Under the RS design, subjects are selected randomly, typically in an outcome-dependent manner, for measurement of X, as illustrated in Fig. 2b. Let n1 (n0) denote the total number of responders (non-responders) in the trial, and let m1 (m0) denote the number of responders (non-responders) to be selected for measurement of X. If treatment response is rare (i.e., n1 is very small), it is common to select all responders (i.e., m1 = n1) and a comparable number of non-responders. Similar considerations apply to the opposite situation where treatment non-response is rare and n0 is very small. The RS design permits direct estimation of the prevalence of marker-positives among responders and non-responders, formally defined as the conditional probabilities qy = P(X = 1| Y = y), y = 0, 1. Specifically, q1 (q0) is estimated by the proportion of marker-positives among the m1 responders (m0 non-responders) selected for biomarker measurement. These estimates alone are sufficient for estimating the odds ratio for X and Y. For other measures of association, Bayes’ theorem can be used to obtain estimates of p1 and p0, which can then be substituted into any measure of association.
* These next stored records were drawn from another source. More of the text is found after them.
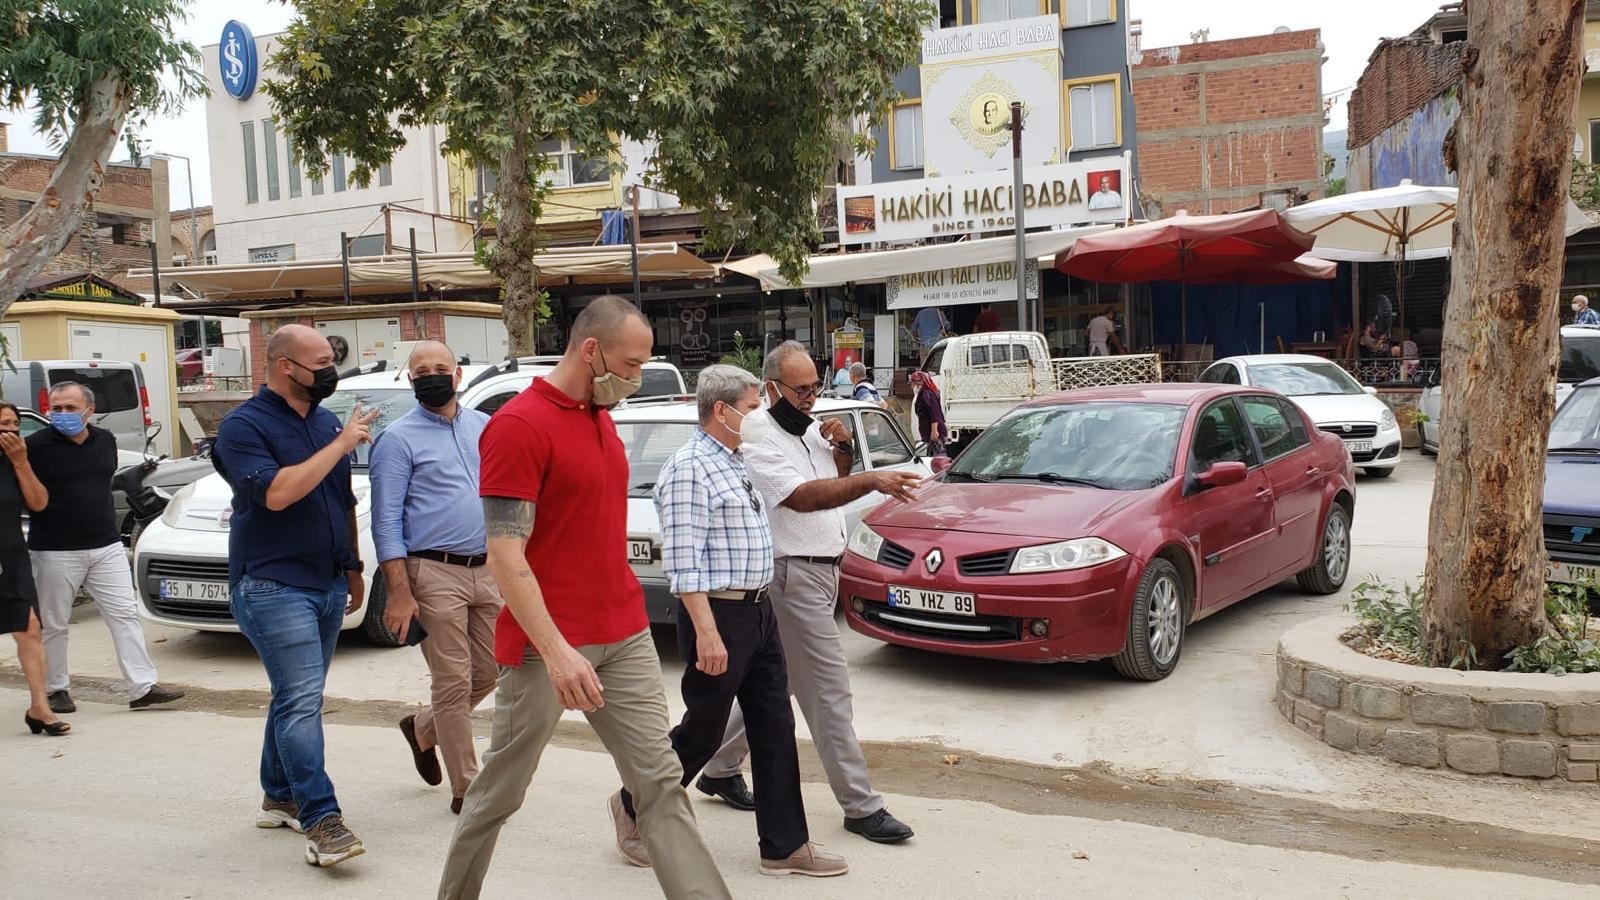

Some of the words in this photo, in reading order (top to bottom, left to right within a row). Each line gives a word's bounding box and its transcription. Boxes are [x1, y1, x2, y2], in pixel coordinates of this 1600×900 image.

[1016, 23, 1055, 46] BABA
[1023, 178, 1083, 209] BABA
[982, 217, 1015, 228] 1940
[633, 543, 649, 558] 04
[167, 581, 179, 596] 35
[201, 583, 227, 600] 7674
[896, 589, 911, 605] 35
[920, 591, 945, 610] YHZ
[954, 596, 972, 612] 89
These and other technical details are provided in the online supplement.

The GT design is a generalization of the RS design which allows more subjects to be assayed, though not necessarily on an individual basis. Figure 2c gives an example GT design for the same P-R study with the same numbers of assays for responders (m1) and non-responders (m0) as required by the RS design in Fig. 2b. Compared to the RS design, the GT design allows assaying twice as many responders and non-responders with the potential to produce more information. In general, the GT design is a stratified (by outcome) pooling design, and the pool sizes (i.e., number of subjects in a pool) for responders and non-responders may or may not be the same. If the pool size is equal to 1 in both strata, the GT design reduces to the RS design. In each stratum of the GT design, the marker prevalence qy can be estimated with pooled assay data using a maximum likelihood approach [20]. These estimates can be used in the same manner as in the RS design to estimate any measure of association between X and Y.
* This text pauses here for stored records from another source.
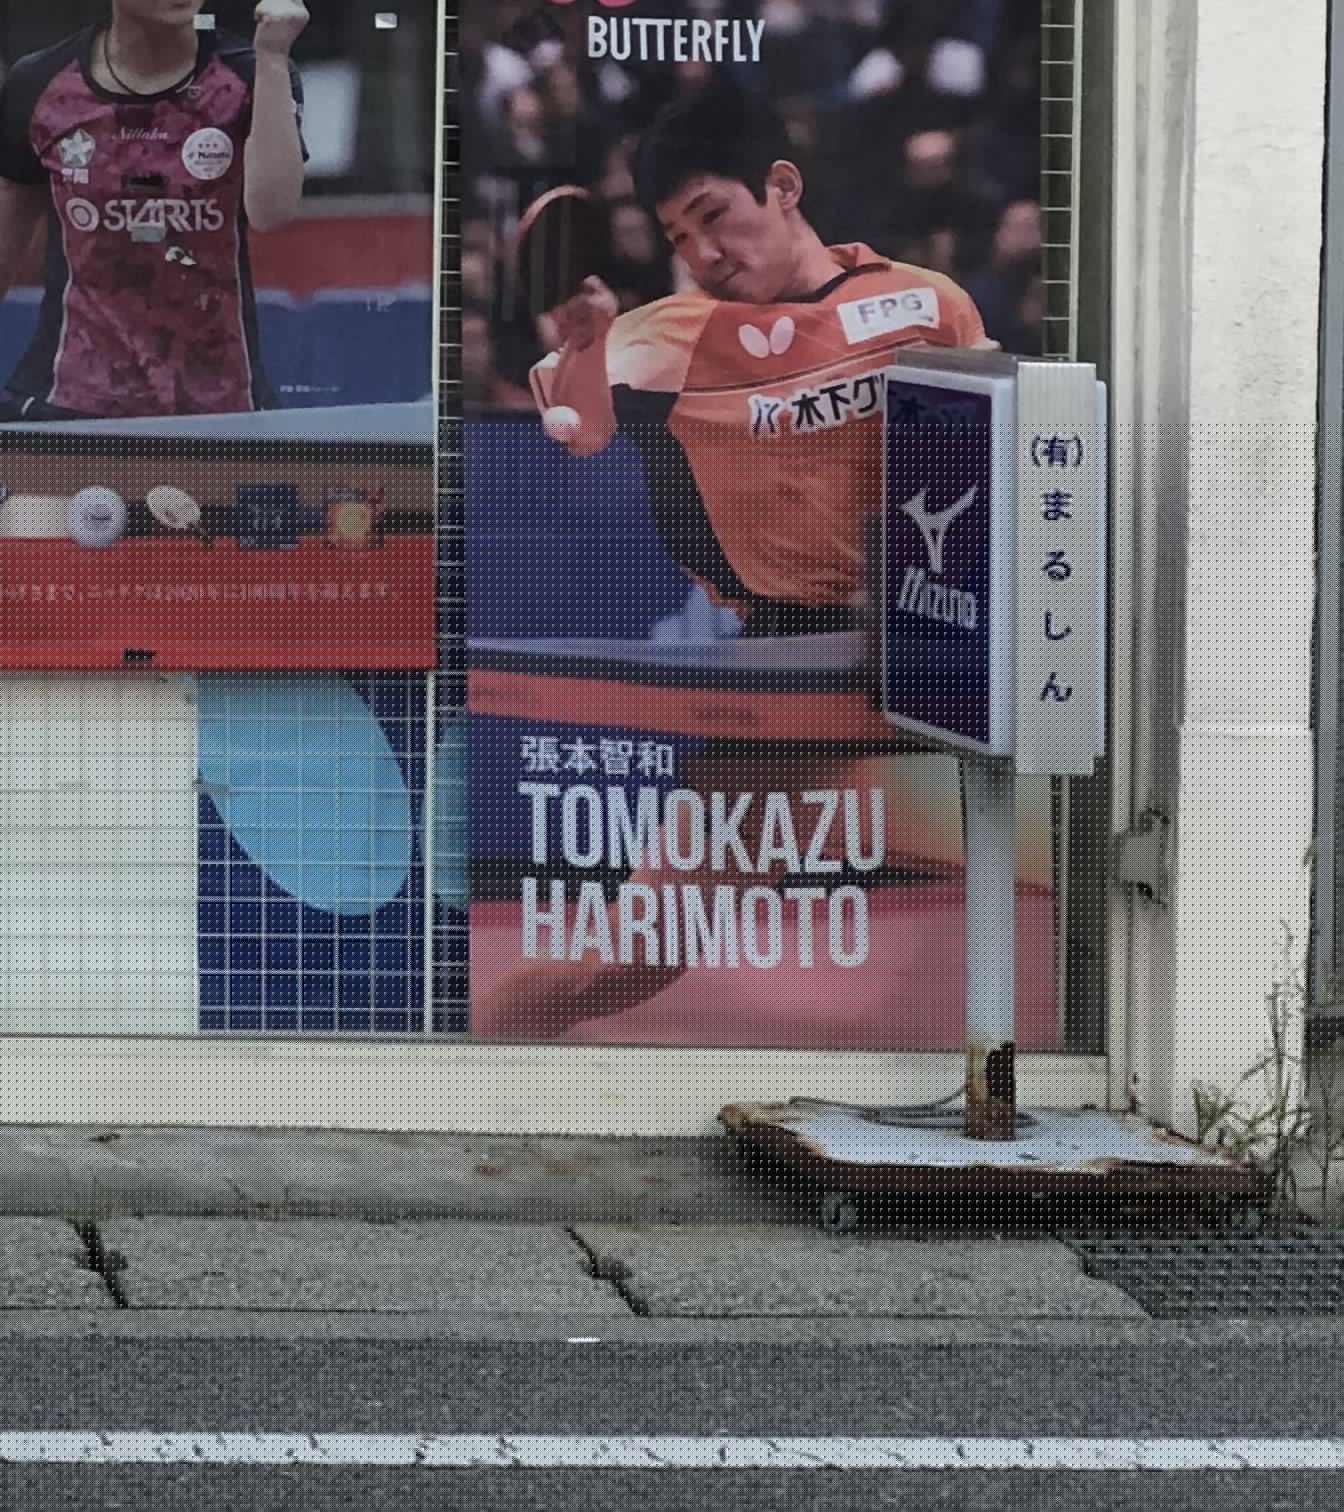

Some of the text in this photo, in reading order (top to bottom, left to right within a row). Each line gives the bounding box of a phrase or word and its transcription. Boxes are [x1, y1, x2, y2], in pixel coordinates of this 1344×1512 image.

[588, 16, 765, 62] BUTTERFLY
[857, 294, 922, 324] FPG
[522, 736, 675, 776] 張本智和
[518, 782, 887, 874] TOMOKAZU
[520, 877, 871, 968] HARIMOTO
These designs are compared in a simulation study mimicking the E1900 trial. A separate simulation experiment is conducted for each combination of treatment group (HD or SD) and biomarker (FLT3-ITD or DNMT3A). Each experiment consists of 10,000 replicate trials in which T is fixed, X is generated randomly with P(X = 1) ≈ 0.24 (observed proportion), Y is generated conditionally on (T, X) according to the observed proportions in Fig. 1, and the sample size is the same as the actual size of the treatment group (327 for HD; 330 for SD). Each simulated trial is used to assess the prognostic value of X under the standard, RS and GT designs. The RS design is implemented in two versions which assay approximately one half (RS-2) or one third (RS-3) of the trial participants and which attempt to assay equal numbers of responders and non-responders to the extent possible. Accordingly, the GT design is also implemented in two versions which match the RS designs in the number of assays and which attempt to use a group size of 2 (GT-2) or 3 (GT-3) to the extent possible.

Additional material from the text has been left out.